* [Task item]:
Retype the records word for word. Skip every image.

* [Data]:
++++++++++++++++++++

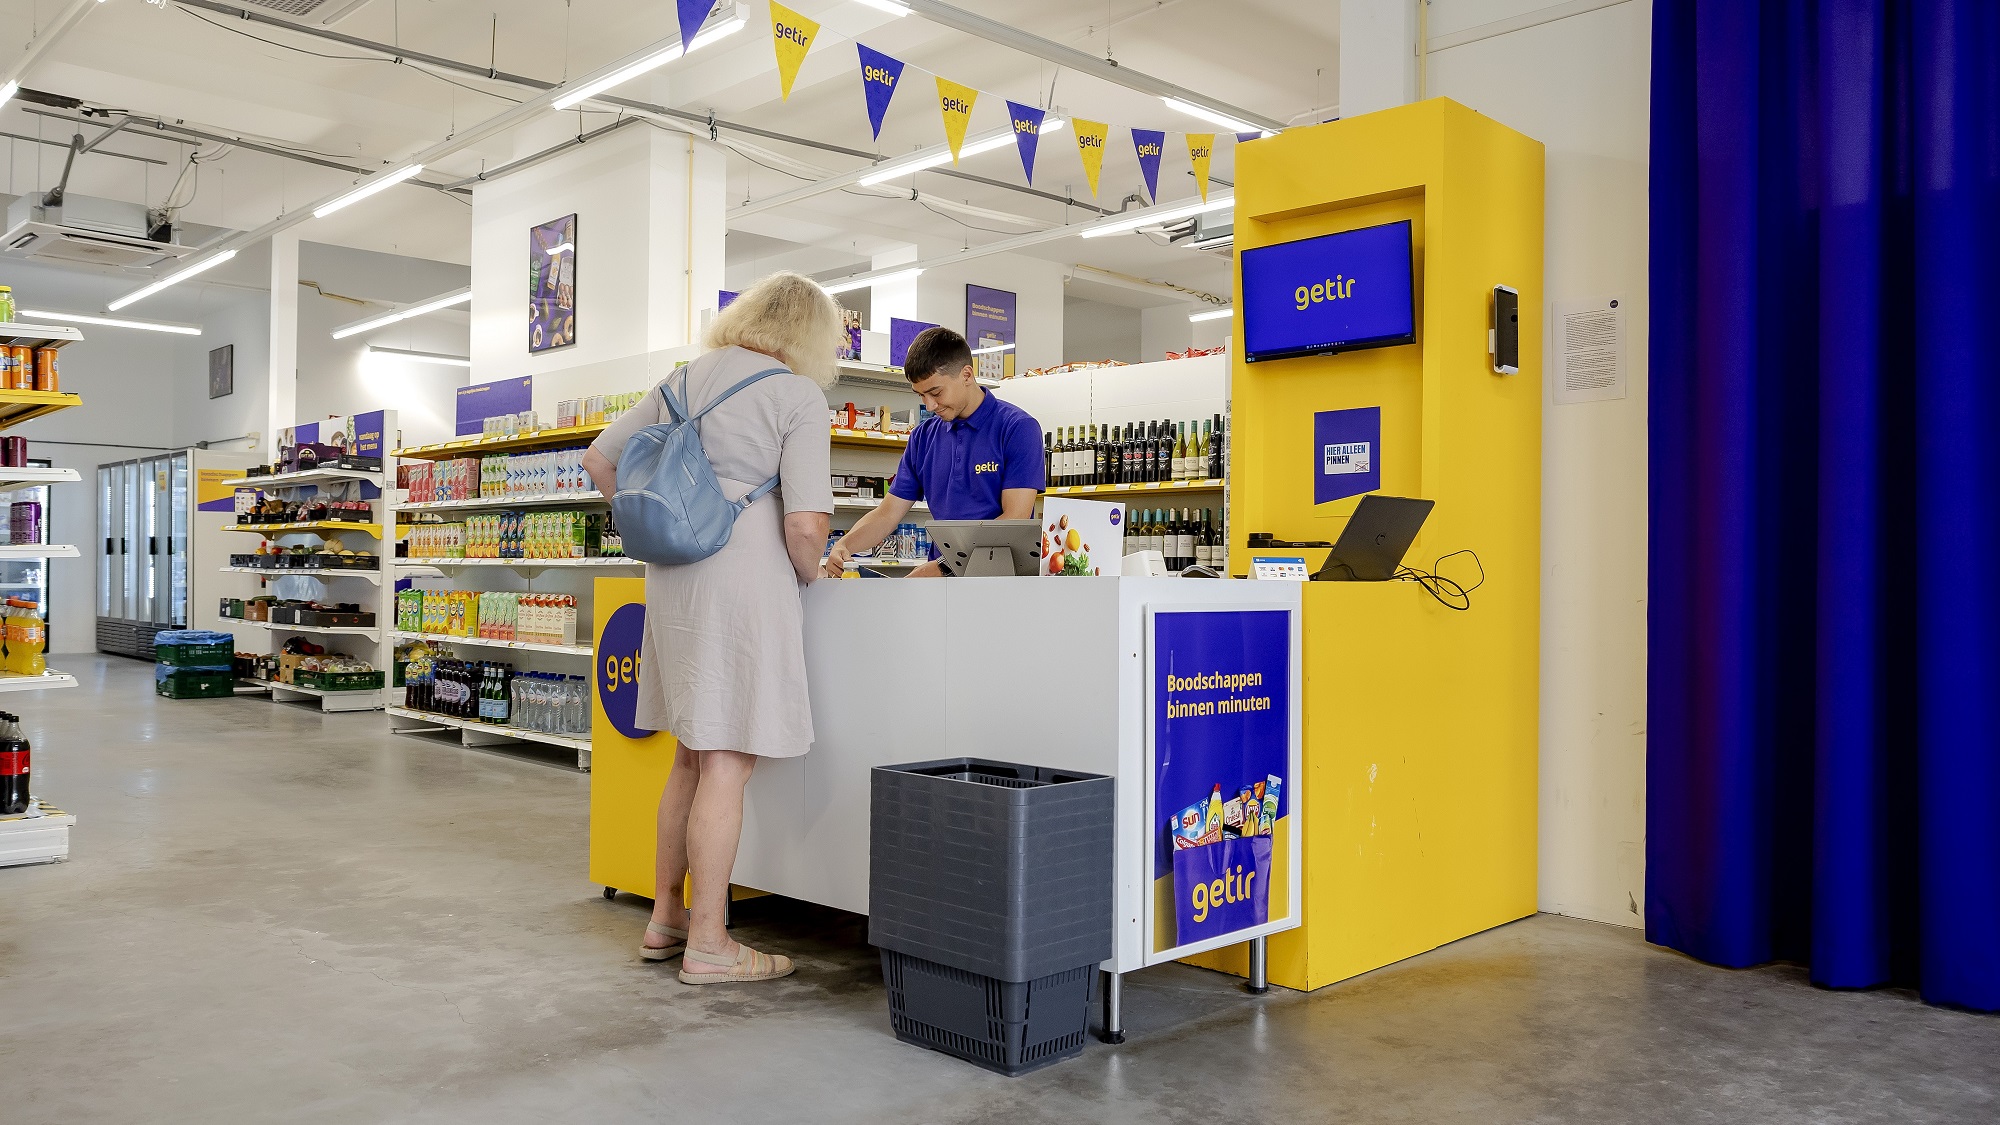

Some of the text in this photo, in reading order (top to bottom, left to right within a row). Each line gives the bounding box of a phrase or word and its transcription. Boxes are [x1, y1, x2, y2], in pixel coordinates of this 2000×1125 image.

[775, 22, 808, 47] getir
[865, 65, 895, 87] getir
[942, 96, 969, 115] getir
[1014, 119, 1038, 135] getir
[1079, 134, 1103, 149] getir
[1138, 142, 1161, 158] getir
[1191, 145, 1210, 161] getir
[1295, 274, 1356, 311] getir
[971, 302, 1005, 314] Boodschappen
[1326, 444, 1366, 456] HIER ALLEEN
[974, 461, 999, 475] getir
[1326, 455, 1350, 465] PINNEN
[1167, 670, 1263, 693] Boodschappen
[1167, 695, 1271, 719] binnen minuten
[1192, 864, 1256, 923] getir
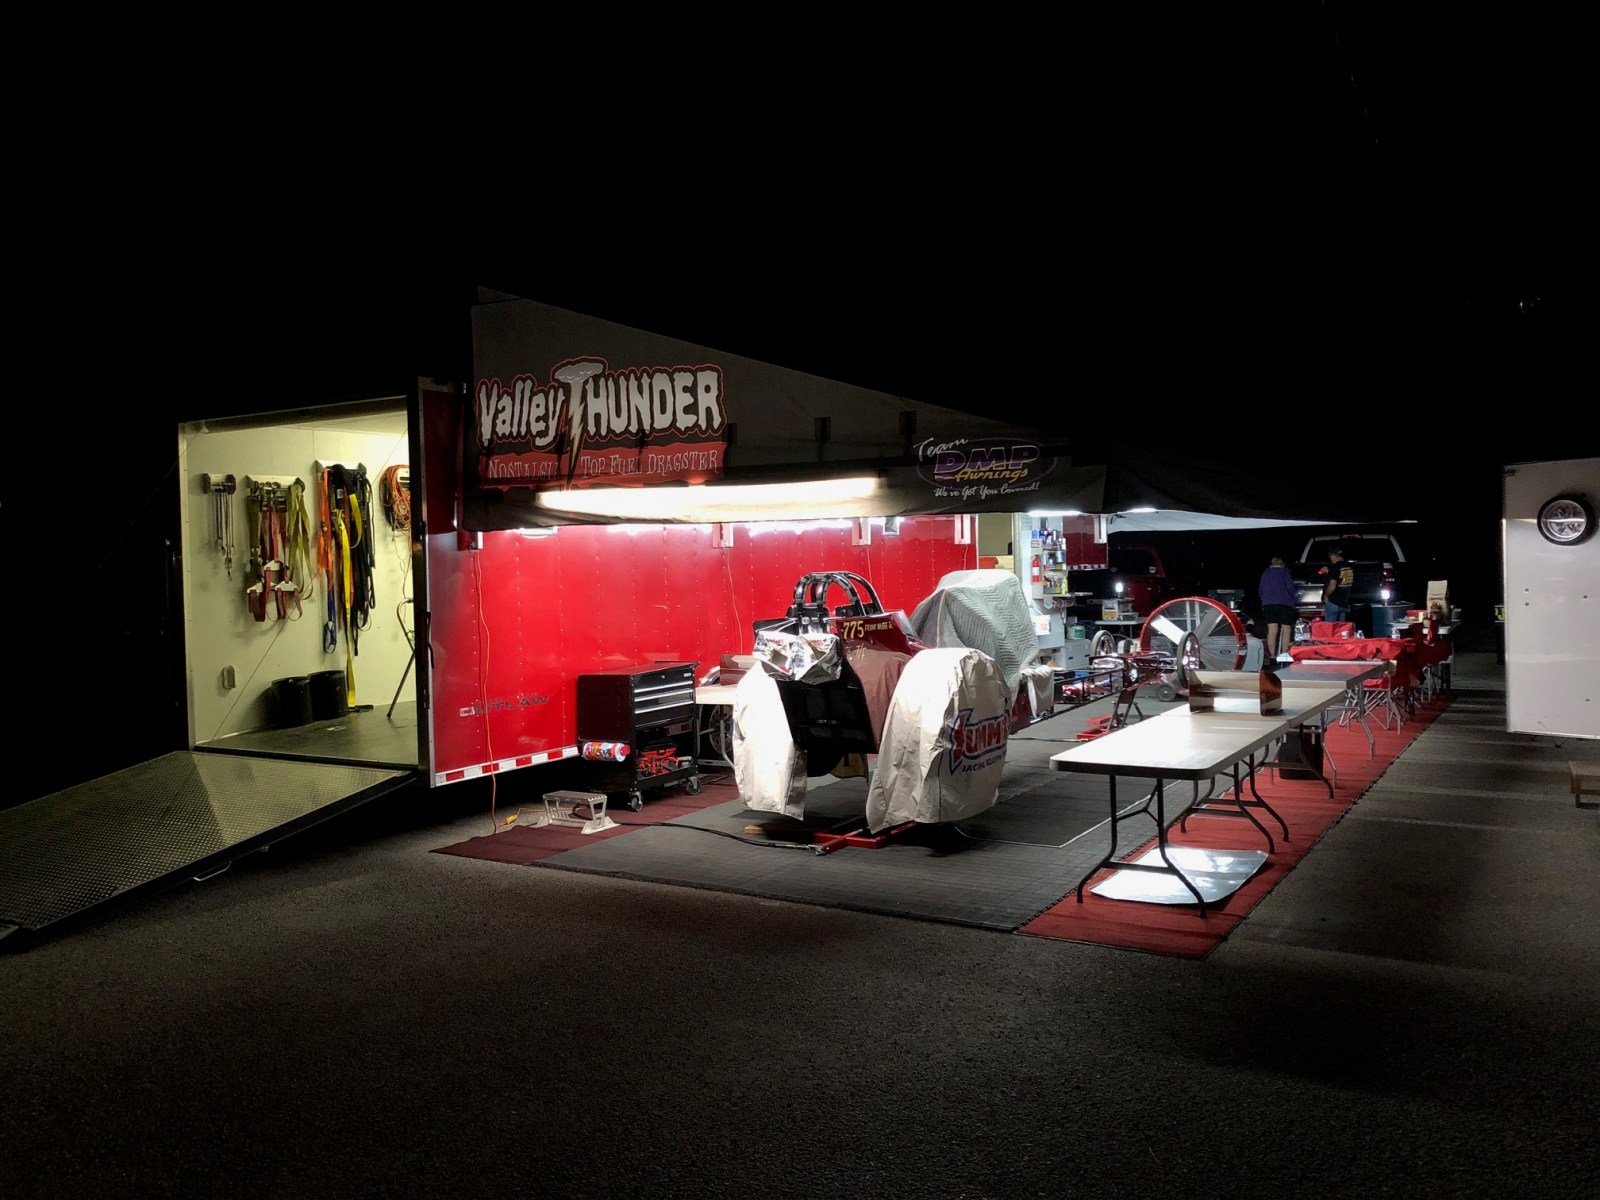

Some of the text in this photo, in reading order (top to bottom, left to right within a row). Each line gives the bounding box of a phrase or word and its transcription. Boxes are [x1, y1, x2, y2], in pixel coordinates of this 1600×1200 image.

[479, 362, 722, 462] Valley THUNDER
[913, 437, 968, 462] Team
[934, 445, 1040, 474] DMP
[580, 456, 605, 479] TOP
[646, 450, 720, 476] DRAGSTER
[945, 466, 1029, 483] Awnings
[934, 481, 1040, 500] We've Got You Covered!
[842, 620, 865, 640] 775

++++++++++++++++++++

* [Exercise output]:
Some of the text in this photo, in reading order (top to bottom, left to right within a row). Each line gives the bounding box of a phrase or word and its transcription. Boxes are [x1, y1, x2, y2], in pixel coordinates of this 2000×1125 image.

[775, 22, 808, 47] getir
[865, 65, 895, 87] getir
[942, 96, 969, 115] getir
[1014, 119, 1038, 135] getir
[1079, 134, 1103, 149] getir
[1138, 142, 1161, 158] getir
[1191, 145, 1210, 161] getir
[1295, 274, 1356, 311] getir
[971, 302, 1005, 314] Boodschappen
[1326, 444, 1366, 456] HIER ALLEEN
[974, 461, 999, 475] getir
[1326, 455, 1350, 465] PINNEN
[1167, 670, 1263, 693] Boodschappen
[1167, 695, 1271, 719] binnen minuten
[1192, 864, 1256, 923] getir

Some of the text in this photo, in reading order (top to bottom, left to right within a row). Each line gives the bounding box of a phrase or word and its transcription. Boxes are [x1, y1, x2, y2], in pixel coordinates of this 1600×1200 image.

[479, 362, 722, 462] Valley THUNDER
[913, 437, 968, 462] Team
[934, 445, 1040, 474] DMP
[580, 456, 605, 479] TOP
[646, 450, 720, 476] DRAGSTER
[945, 466, 1029, 483] Awnings
[934, 481, 1040, 500] We've Got You Covered!
[842, 620, 865, 640] 775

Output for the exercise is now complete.